Saturday, May 14, 2011


‘So. What do you want for your birthday?’

It is the annual question. And it was a question that this year, in particular, I didn’t want to consider.

Over the past few months, more than is usual, I’ve been struggling with the approach of my birthday. Turning sixty was forcing me, it seemed for the first time, to accept not just the reality of my mortality, but also the inevitability of those physical signs of aging – sagging skin, infirmity, the potential loss of mental acuity and memory, the window closing on experience.

I dread these things. I dread too the invisibility that comes with age. We creep closer to our ends looking backwards, seeing in our mental mirrors our youthful selves, feeling as if we were still twenty or twenty-five. But to the twenty-year-olds or the thirty-year-olds, even those in their forties, our sharp edges blur as our skin sags. We totter on the brink, all too often, of ridiculousness or, perhaps worse, child-like cuteness.

And why do I believe this? Haven’t I viewed those older than me in the same light?

Even the compassionate and sensitive young necessarily lack the experiential knowledge of how it feels to grow old. They can’t understand what it’s like to encounter that old person in the mirror when, inside, one feels no older than when one was twenty-five. And because they can’t appreciate that the old person’s daily experience is not, fundamentally, far removed from their own, it is we who are older who must do the heavy lifting of retaining relevance.

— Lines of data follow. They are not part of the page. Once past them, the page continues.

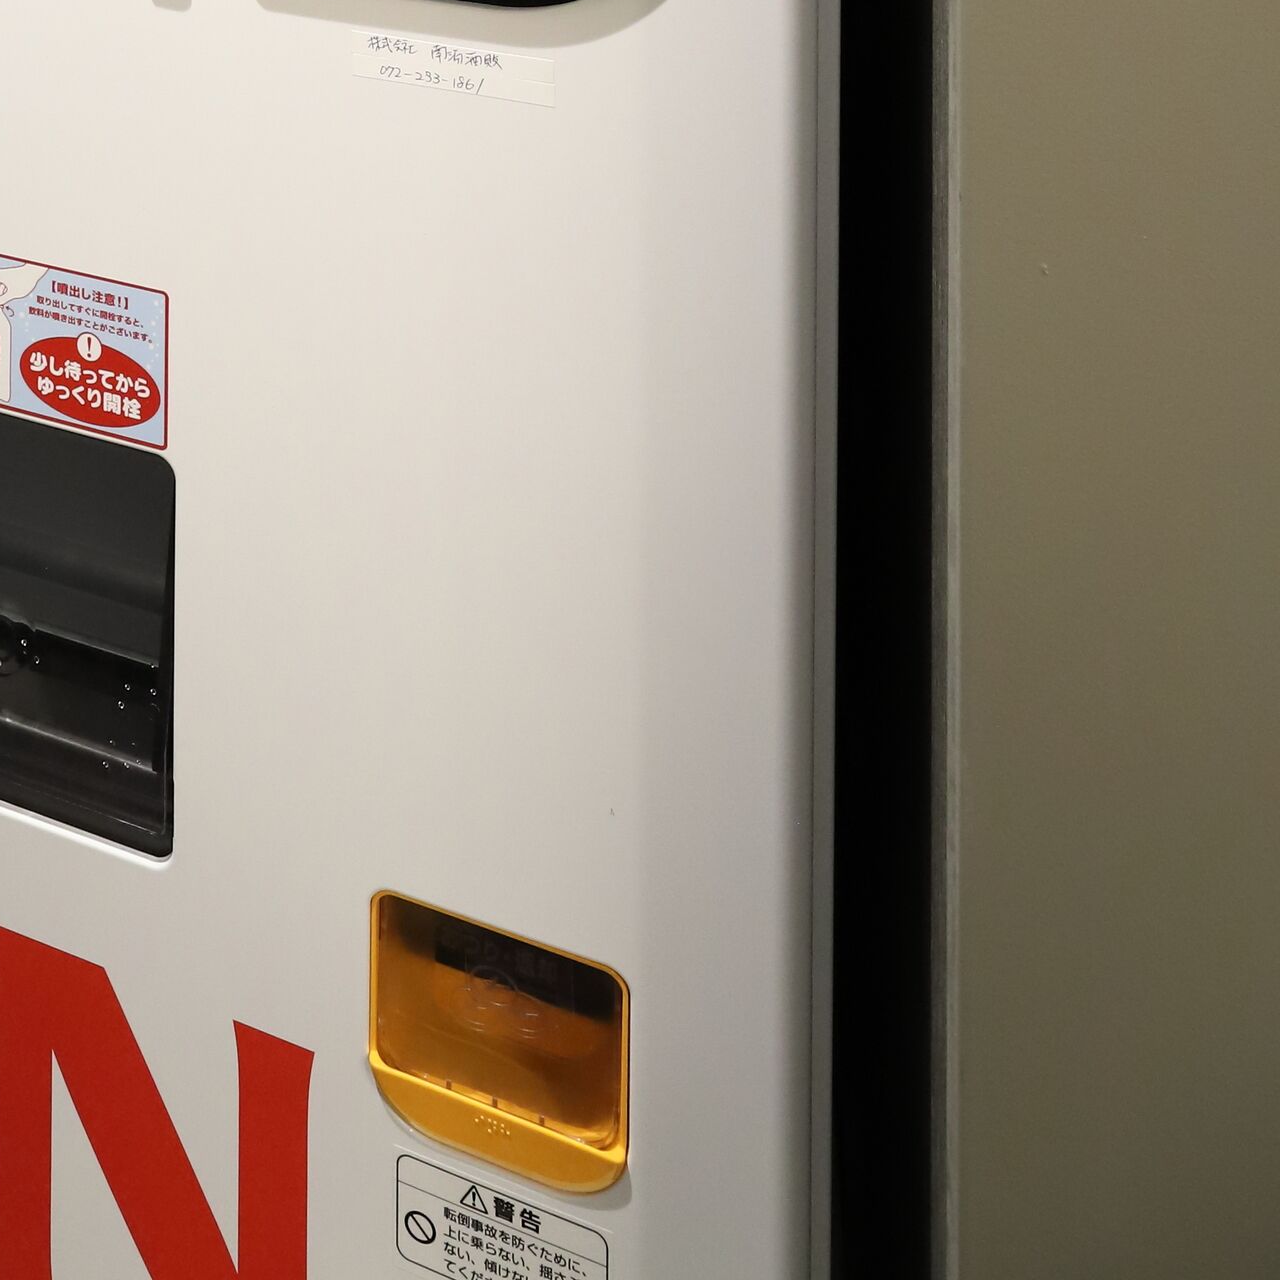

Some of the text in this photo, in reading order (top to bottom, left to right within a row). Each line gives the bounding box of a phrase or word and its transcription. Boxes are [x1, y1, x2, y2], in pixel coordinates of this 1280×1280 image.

[28, 306, 153, 344] 飲料が噴き出すことがございます。
[36, 295, 144, 329] 取り出してすぐに開栓すると、
[29, 351, 151, 398] 少し待ってから
[37, 375, 142, 420] ゆっくり開栓
[493, 1196, 542, 1235] 警告
[443, 1225, 582, 1280] 上に乗らない、揺さ
[443, 1241, 530, 1280] ない、傾けな
[444, 1206, 587, 1277] 転倒事故を防ぐために、

Only to a limited extent is there truth in what people keep urging me to remember, that age is just a number, that it’s all in our heads. Yes, in my head, I do feel twenty-five-years-old, but a wiser, more thoughtful, and less reactive twenty-five-year-old than the Lorraine of thirty-five years ago. It’s like being the twenty-five-year-old I wish I had been, back in the days when my face and body had the beauty, strength and stamina of a twenty-five-year-old. The reality is that the skin on the backs of my hands is thinning, that the ache in the bad shoulder burns every morning when I awake, and there may soon come a point when, much as I want to dance all night at a wedding, my moves will make me look ridiculous.

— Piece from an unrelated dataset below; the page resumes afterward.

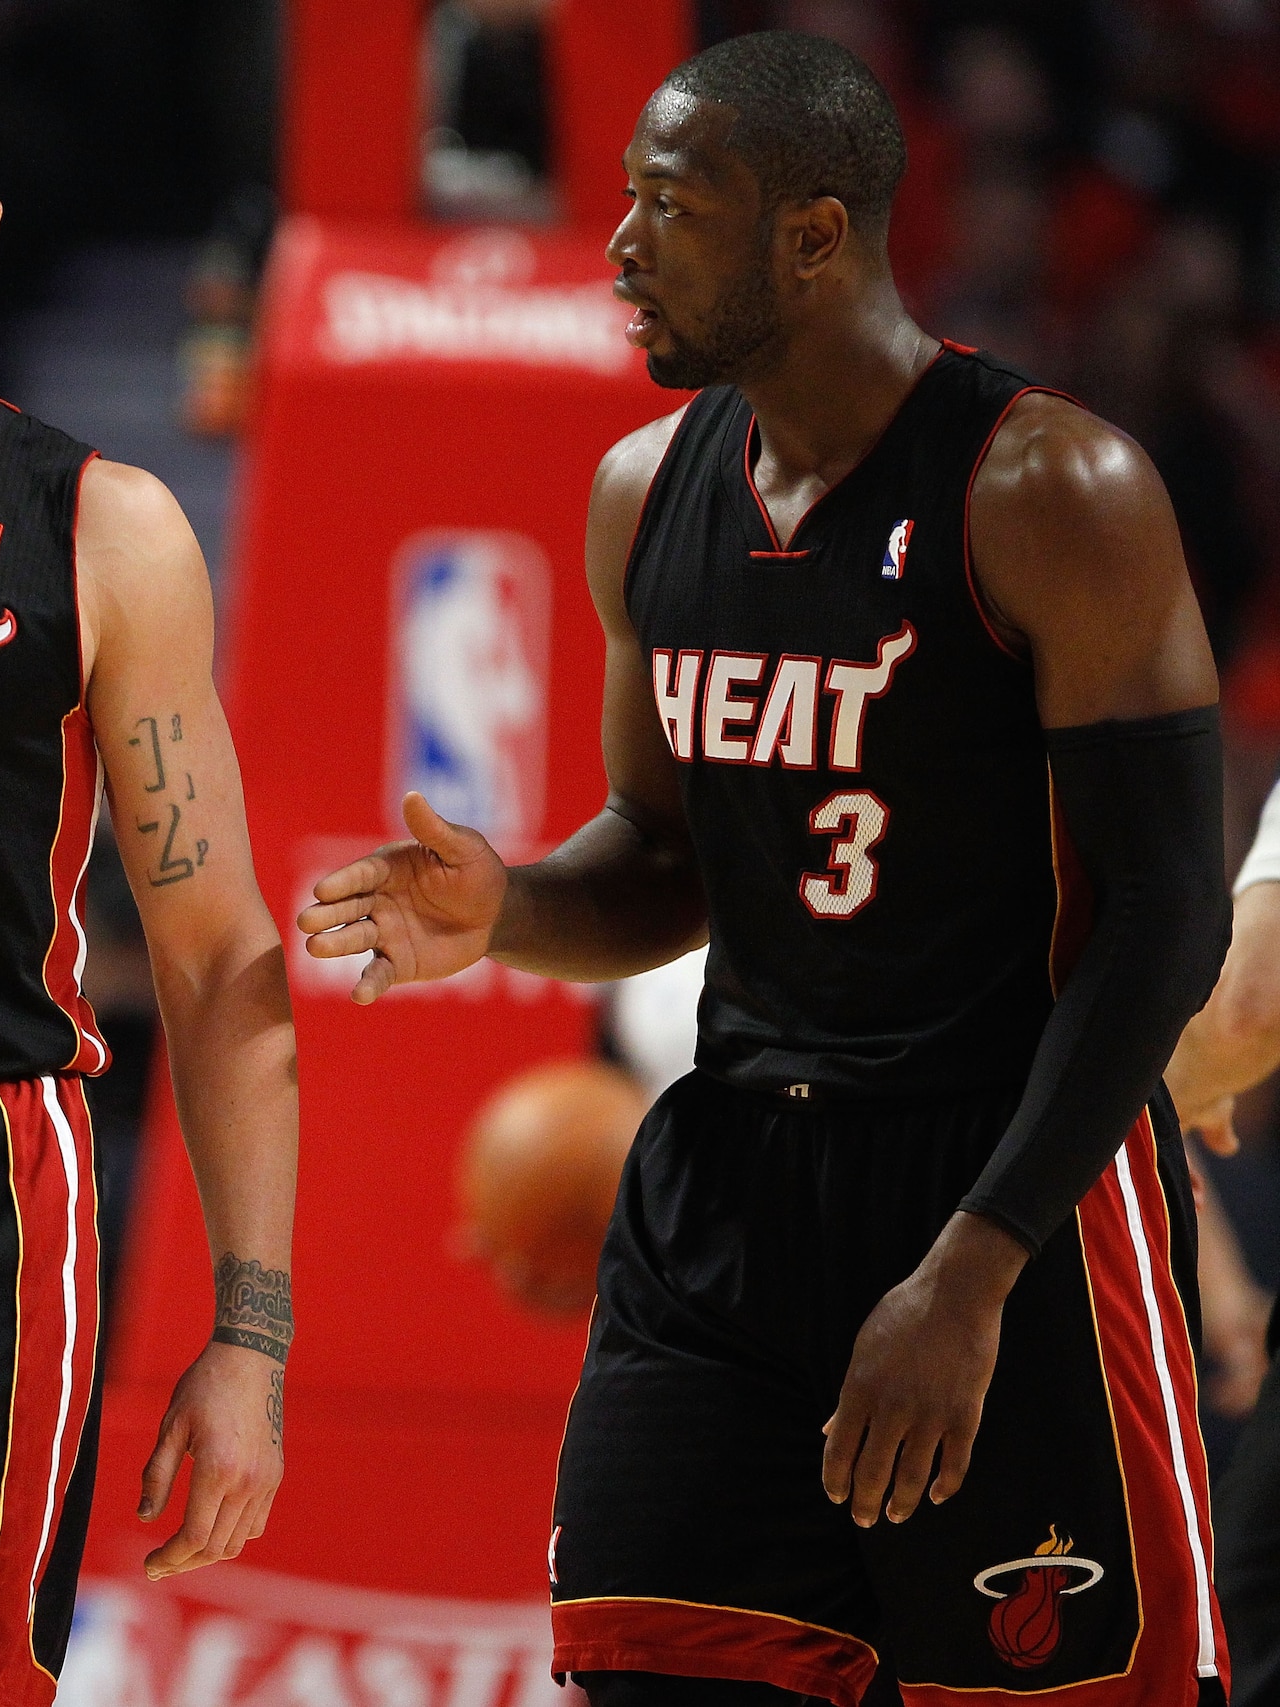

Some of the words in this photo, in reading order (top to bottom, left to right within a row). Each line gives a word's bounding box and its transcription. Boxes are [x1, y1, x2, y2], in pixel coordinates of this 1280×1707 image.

[881, 565, 896, 576] NBA
[652, 618, 918, 773] HEAT
[798, 788, 891, 920] 3

It’s the tragedy we all face, one way or another.

This is just part of the darkness I’ve kept at bay only with difficulty these past few months. I’ve grieved, too, lost opportunity and the failure to leave my mark. Even as I’ve worked to remain grounded in the experience of living in Salzburg, dread of aging and fear of my time running out have shadowed each day. I’ve had to remind myself daily to treasure my time here and all that it brings.

At the same time, daily life remains just that: quotidian. There are dishes to be washed and coffee grounds to be scooped out. The grocery marketing must be done and meals planned. Staying on top of the mess in the living room and office is no more romantic in Austria than it is in California. Simple tasks, such as making a doctor’s appointment, intimidate me still. And so the struggle to see my good fortune and hold onto joy in living requires more effort some days than others.

So Tuesday – my birthday – dawned. I woke up and went to my desk early, just as the gold crested the mountains behind me and gilded the trees that tower at the side of our house. I was sixty, and in the first fire of concentrated morning light, the trees glowed bright yellow-green, just as they did last week and just as I hope they will next year.

And how did I answer the question Himself had posed?

Laser treatment to remove the age spots? He was having none of that. A jar of the La Prairie cream my seventy-year-old friend with terrific skin swears by? I didn’t even ask.

In the end, only at the last minute, I asked for a Kindle. Though the romantic in me quailed at the thought of relinquishing the pleasures of well-thumbed pages and the richness of ink on paper, other desires won out. The selection of English-language books is limited here. Most titles, whether new or classic, must be ordered, a prospect that, when the mood is on me, fills me with impatience. The Kindle makes instant gratification possible, at least when it comes to books. And it turns out its design offers its own physical pleasures.

As for the rest of the day, its gold equalled the beauty of the gilded morning trees. We bicycled to the Altstadt and lunched on Mönchsberg’s height while looking over the blue-green Salzach and the domes and spires of the city. Then we took in the Giacometti exhibition at the Museum der Moderne. There were hugs from our Katzenstraße friends Sigrid and Edith as well as roses and wine. The warmth of tributes from Facebook friends overwhelmed me.

That evening, we had dinner in a picturesque Nonntal neighbourhood filled with graceful Baroque facades. Under a deepening blue sky, surrounded by warm scented air, we sat in the pretty garden of a Mexican restaurant. The illuminated Festung, perched at the edge of Mönchsberg’s bulk, watched us from overhead. In the peaceful evening, I enjoyed my annual margarita, continuing the birthday tradition I began thirty-five years ago.

And the twenty-five-year-old within enjoyed it every bit as much as I did.


  1. Thanks, Christina. It's nice to see you again. I've been thinking about you.

  2. How honest! We lag behind our aging bodies, and being aware and having a sense of humor helps. Thanks Lorraine

  3. How sweet of you, Mario. Thank you for reminding me. It's good coming from someone with your academic specialty.